Eval suite¶

The eval suite is the live regression contract on tool-description quality. It runs the prompt suite against the local astrodynamics-mcp stdio binary, scores each one against a hybrid (trace + functional) check, and posts a pass / fail back to every PR.

For the full reference — prompt schema, scorer vocabulary, provider matrix, CI-gate authentication — see eval/README.md in the source tree.

What it catches¶

Check	Catches
`mypy` / `ruff`	Static type and lint errors.
`pytest` unit tests	Numerical correctness of the upstream-library wrappers.
`server_lint` (under `pytest`)	Static description-discipline (length, examples, common-mistake warnings).
Eval suite	Whether the LLM actually calls the right tool with the right arguments under prompt variation, and whether the response shape lets the LLM read the answer back.

The four layers compose: static checks catch syntactic regressions cheaply, the eval suite catches the semantic regressions only a real model call can surface (tool-selection drift, arg-binding errors, description ambiguity).

The hybrid scorer¶

Each prompt scores 1 iff both checks pass:

Permitted-trace check.

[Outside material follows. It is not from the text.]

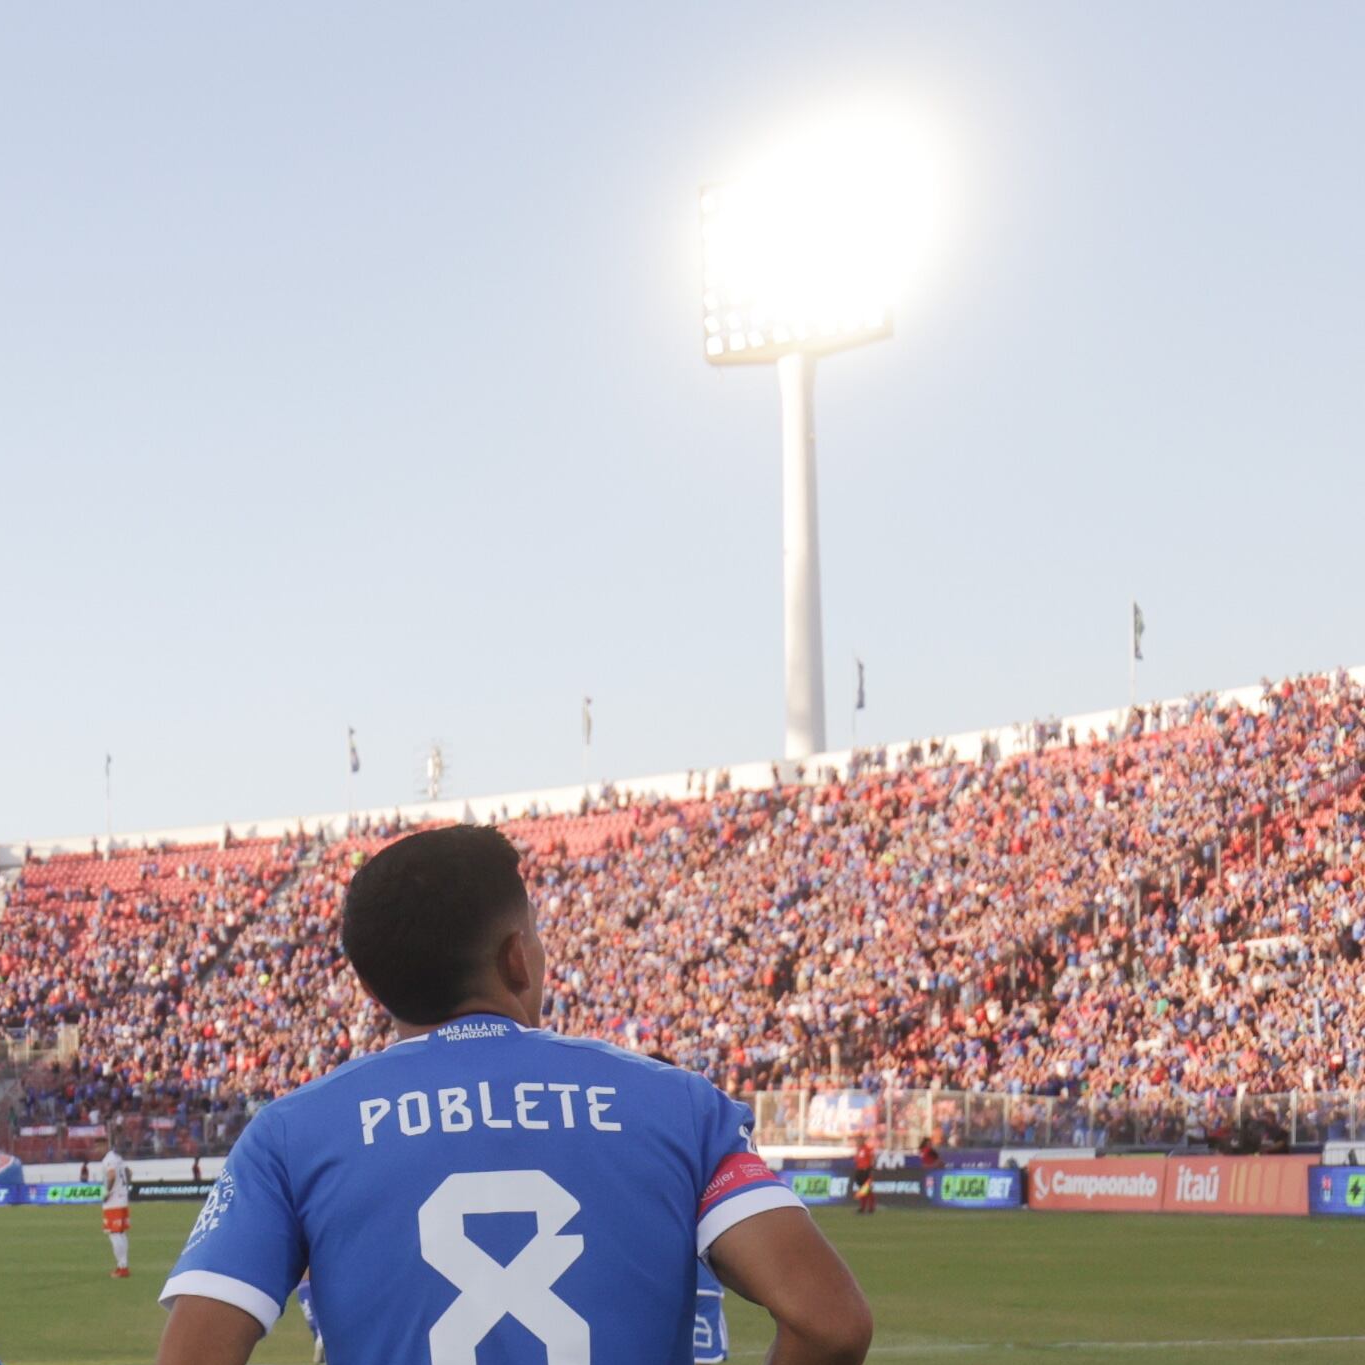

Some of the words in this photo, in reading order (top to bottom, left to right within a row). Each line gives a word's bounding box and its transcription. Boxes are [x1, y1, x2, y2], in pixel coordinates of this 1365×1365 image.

The recorded tool-call sequence matches one of the prompt's permitted_traces. Each entry constrains the tool name and a subset of its arguments — unconstrained arguments may take any value. Catches tool-selection regressions (wrong tool picked) and argument-binding regressions (right tool, wrong-shaped arg).
Functional-answer check. A set of predicates over the final tool response's JSON — equals, in_range, l2_in_range, present, case_insensitive_contains, starts_with, numeric_tolerance, others. Catches the right-tool-wrong-call and wrong-tool-right-number-by-coincidence cases the trace check cannot.

Neither check alone catches what the other catches; both must pass for the prompt to score 1. The full predicate vocabularies live in eval/_constraints.py and eval/_functional.py.

Tier structure¶

The prompts split across three tiers, each held to a floor by the coverage gate (tests/test_eval_coverage.py):

Tier	Floor	Shape
`single_tool`	≥20	Direct one-tool questions (e.g. "convert 2026-05-23T12:00:00Z from UTC to TT").
`sequential`	≥8	Chained calls (e.g. "fetch the ISS TLE, then propagate it to ...").
`planning`	≥2	Multi-step questions where the tool sequence is non-obvious from the prompt.

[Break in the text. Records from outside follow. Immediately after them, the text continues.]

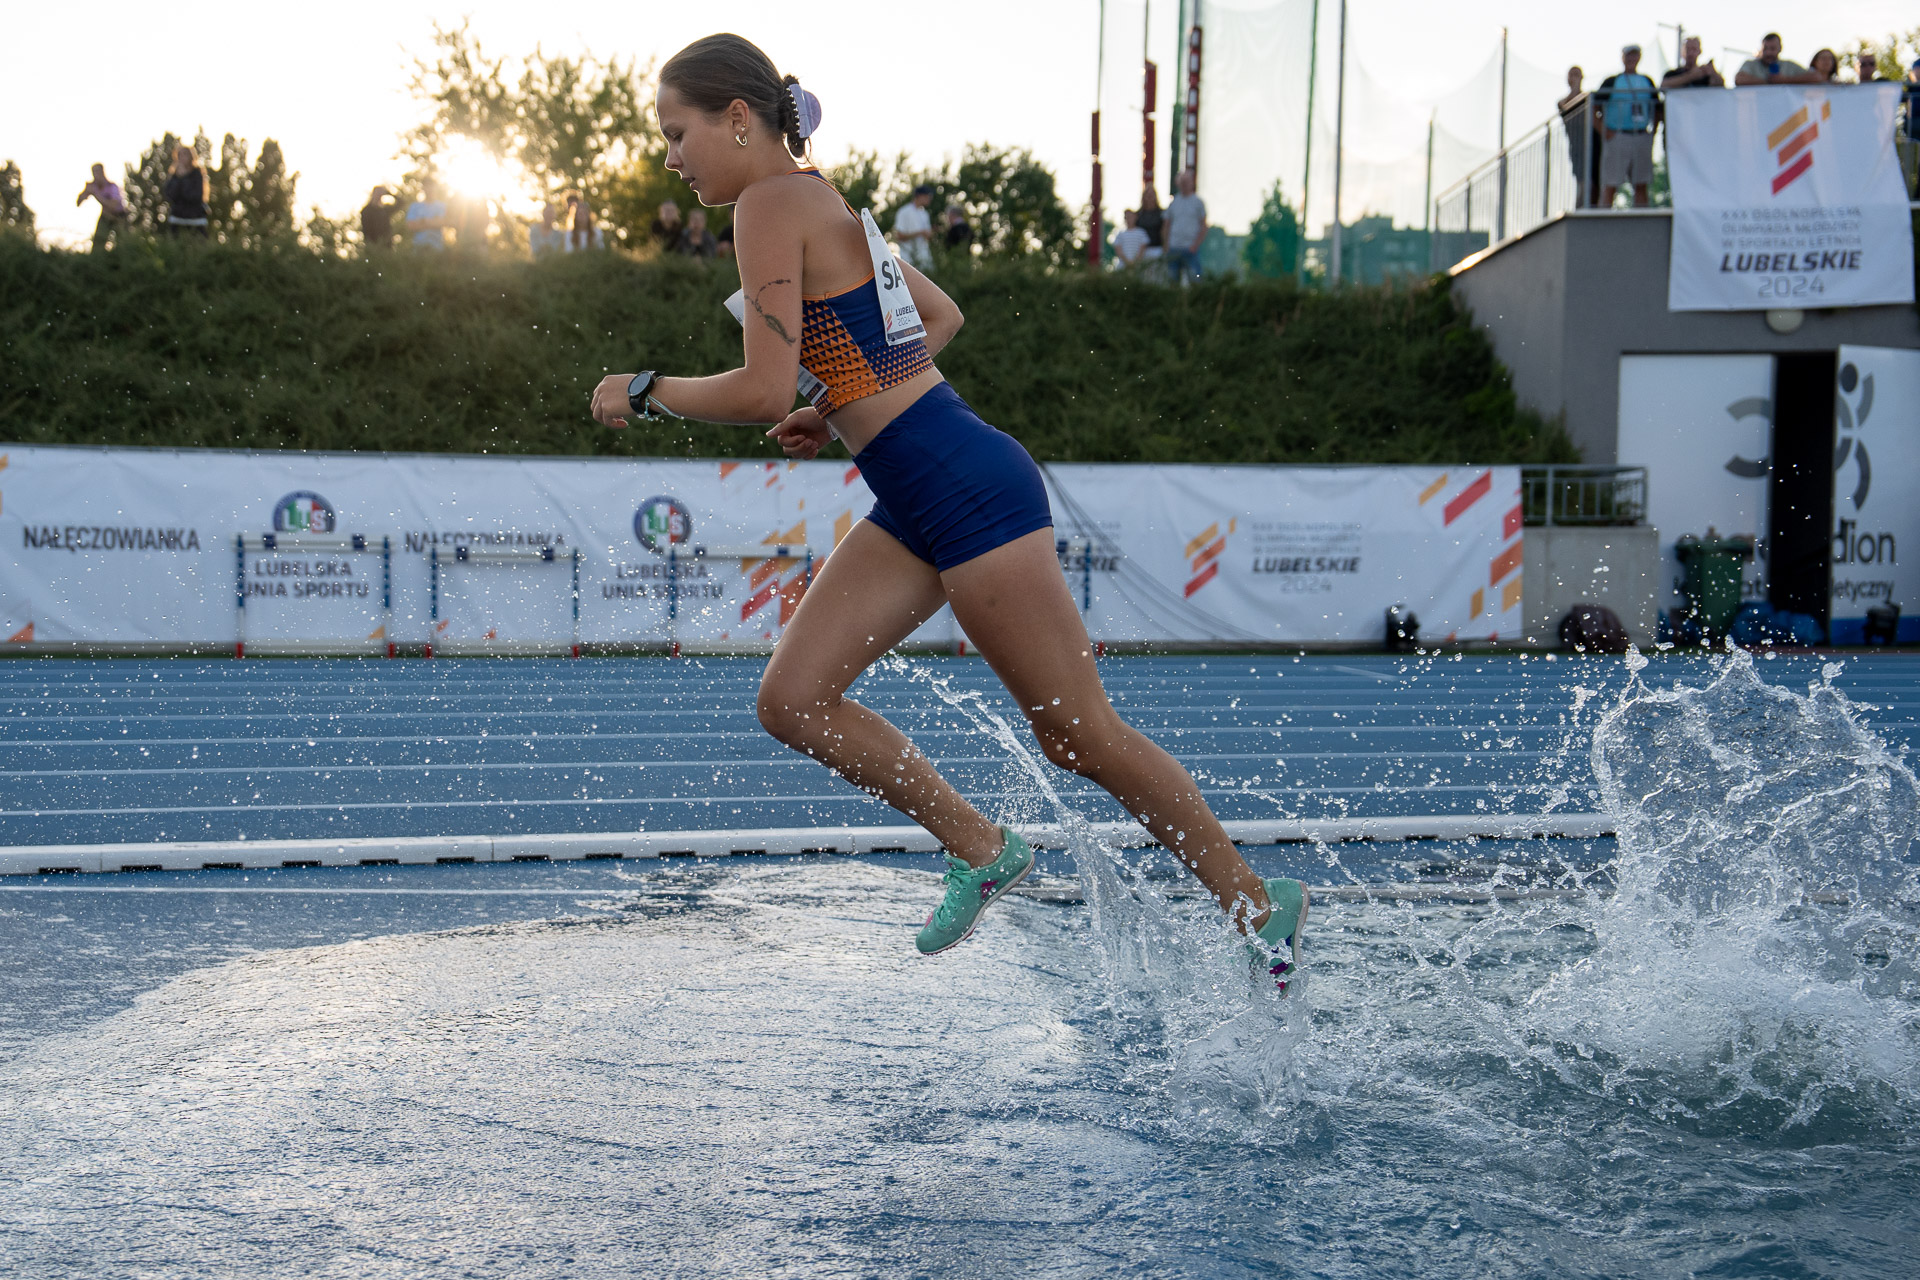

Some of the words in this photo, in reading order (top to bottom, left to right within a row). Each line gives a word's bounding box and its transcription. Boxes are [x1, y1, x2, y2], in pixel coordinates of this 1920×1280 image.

[1720, 250, 1862, 273] LUBELSKIE
[1758, 276, 1824, 297] 2024
[23, 525, 200, 552] NAŁĘCZOWIANKA
[255, 561, 352, 577] LUBELSKA
[1252, 556, 1361, 573] LUBELSKIE
[293, 582, 369, 598] SPORTU
[602, 584, 646, 599] UNIA
[1281, 575, 1332, 593] 2024

Every core and SPICE tool has at least one single-tool prompt and at least one sequential prompt.

Skip-gated prompts¶

Some prompts only run where their prerequisites exist, and are skipped (not failed, not scored) otherwise:

Credentialed prompts (Space-Track, DISCOSweb) skip without their secrets.
GMAT prompts skip without a locatable GMAT install — CI provisions one, so they run there.
SPICE prompts skip without the [spice] extra and the cached NAIF generic kernels. The default run installs neither, so they skip; they exercise their goldens only where both are provisioned.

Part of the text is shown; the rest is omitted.